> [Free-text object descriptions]
____________
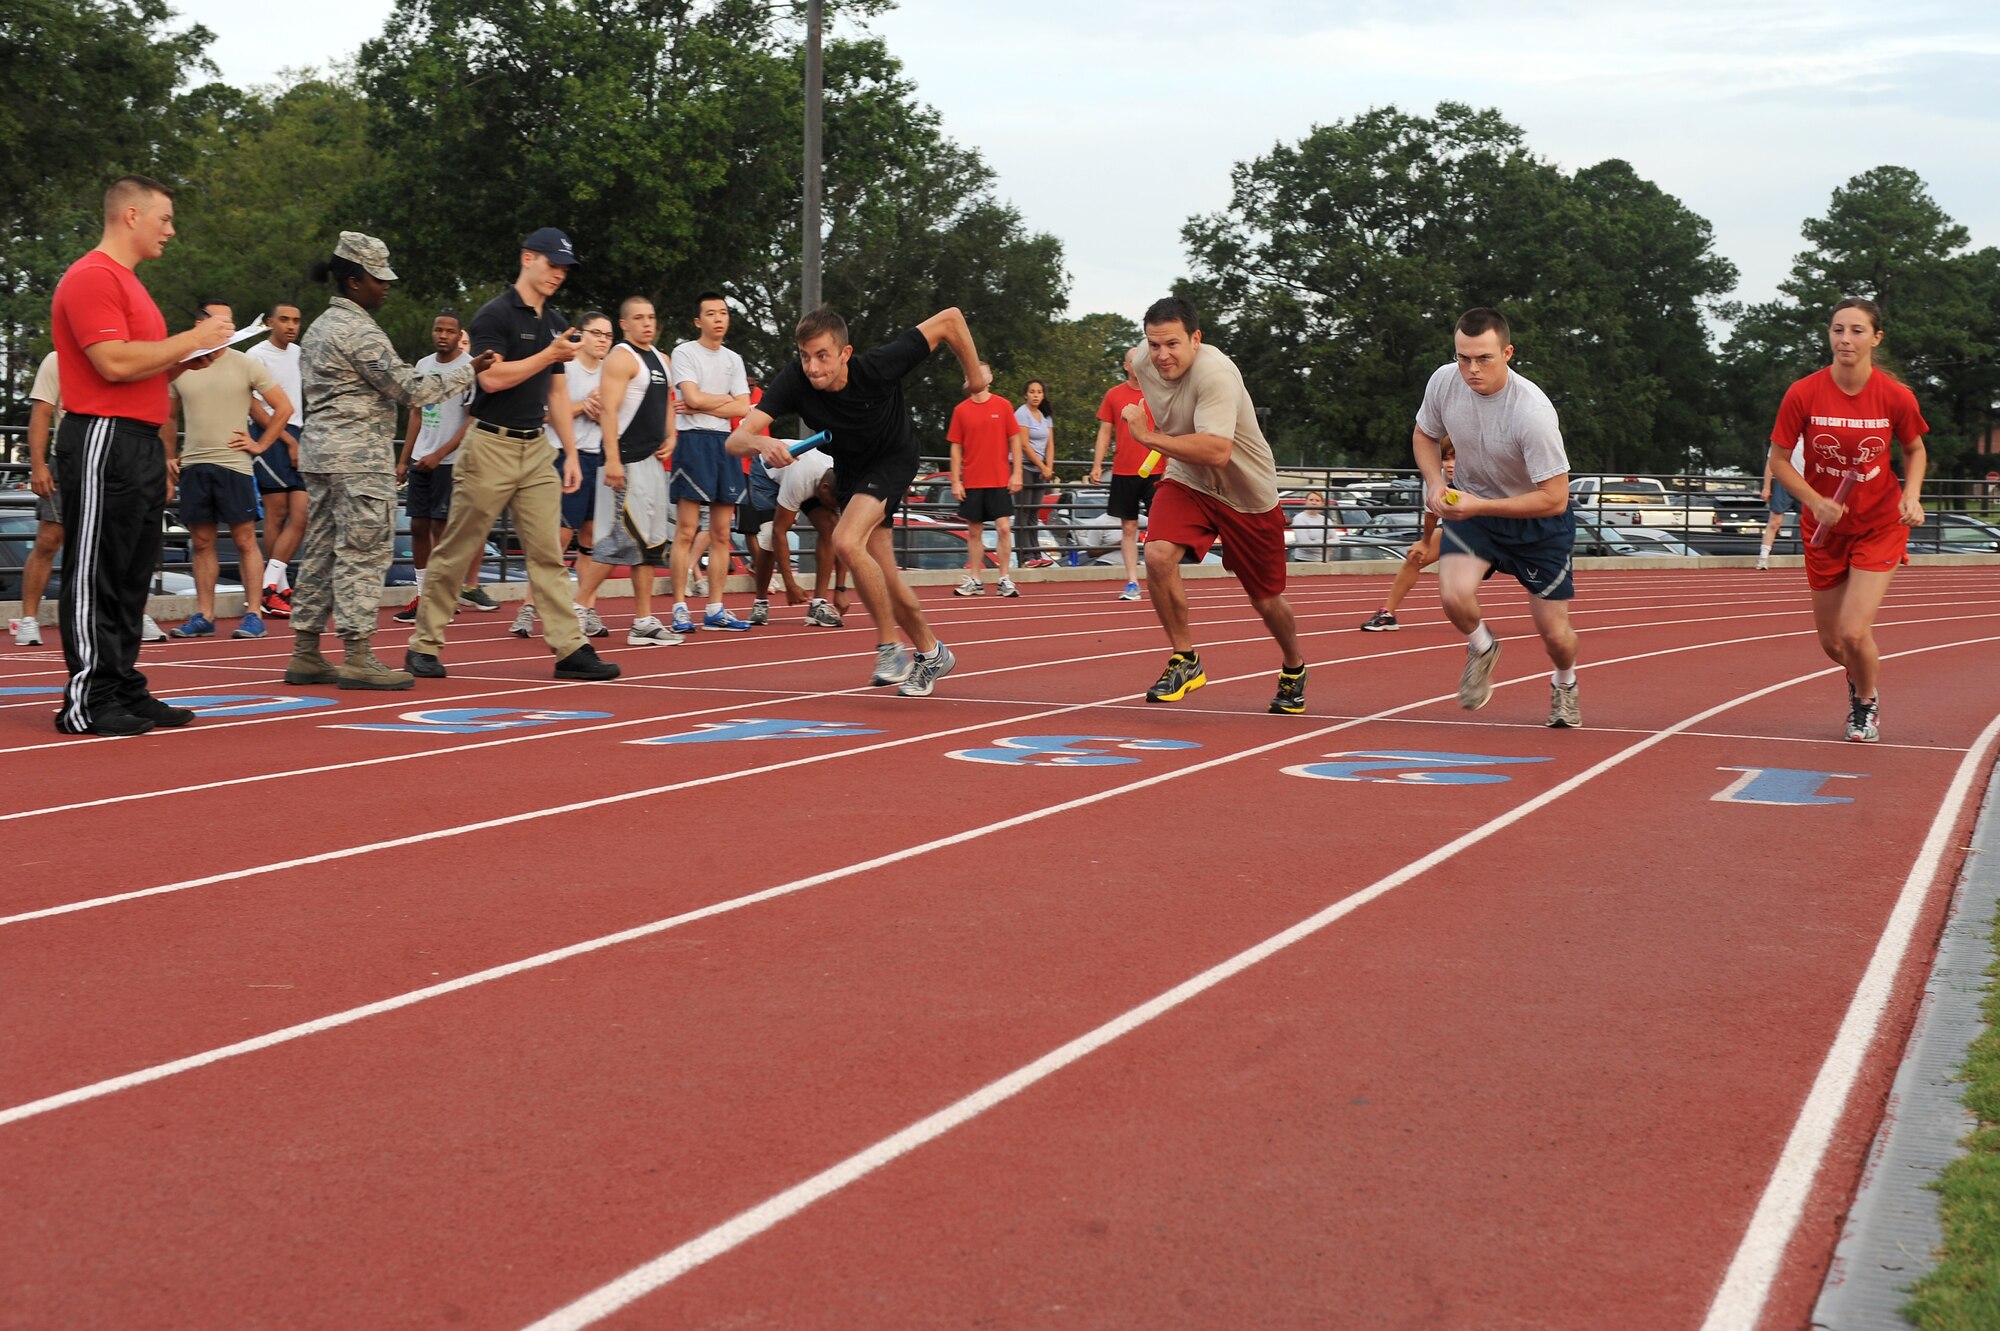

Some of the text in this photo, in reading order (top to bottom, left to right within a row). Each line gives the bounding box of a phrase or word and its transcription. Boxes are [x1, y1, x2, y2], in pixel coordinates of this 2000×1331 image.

[1815, 416, 1828, 426] YOU
[1847, 418, 1864, 429] TAKE
[1864, 418, 1876, 429] THE
[1826, 467, 1840, 477] OUT
[620, 718, 889, 746] 4
[943, 735, 1203, 767] 3
[1279, 750, 1556, 785] 2
[1710, 766, 1872, 806] 1
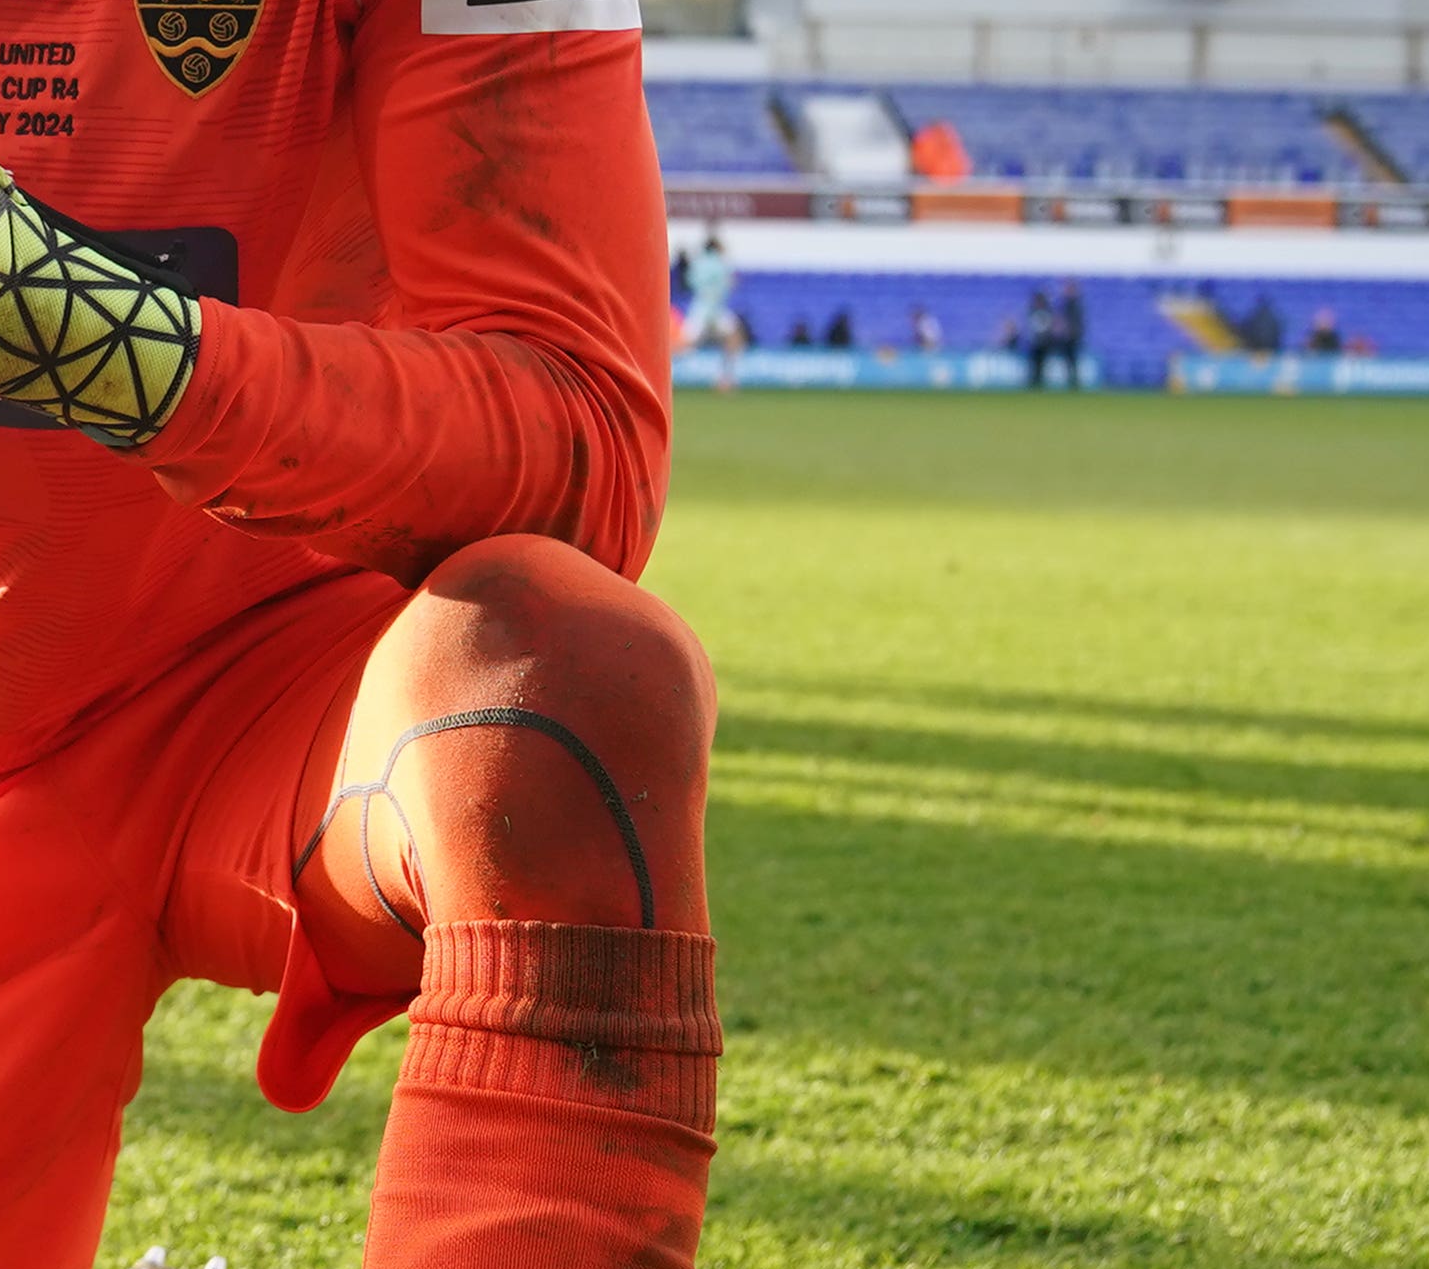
____________
Give every record again without changing a word. Exclude the pictures.

Some of the text in this photo, in reading order (top to bottom, left to right within a row). Each line gives the bounding box of a phrase or word and its transcription. Boxes are [x1, y1, x2, y2], in pixel coordinates of this 2000×1331 image.

[1815, 416, 1828, 426] YOU
[1847, 418, 1864, 429] TAKE
[1864, 418, 1876, 429] THE
[1826, 467, 1840, 477] OUT
[620, 718, 889, 746] 4
[943, 735, 1203, 767] 3
[1279, 750, 1556, 785] 2
[1710, 766, 1872, 806] 1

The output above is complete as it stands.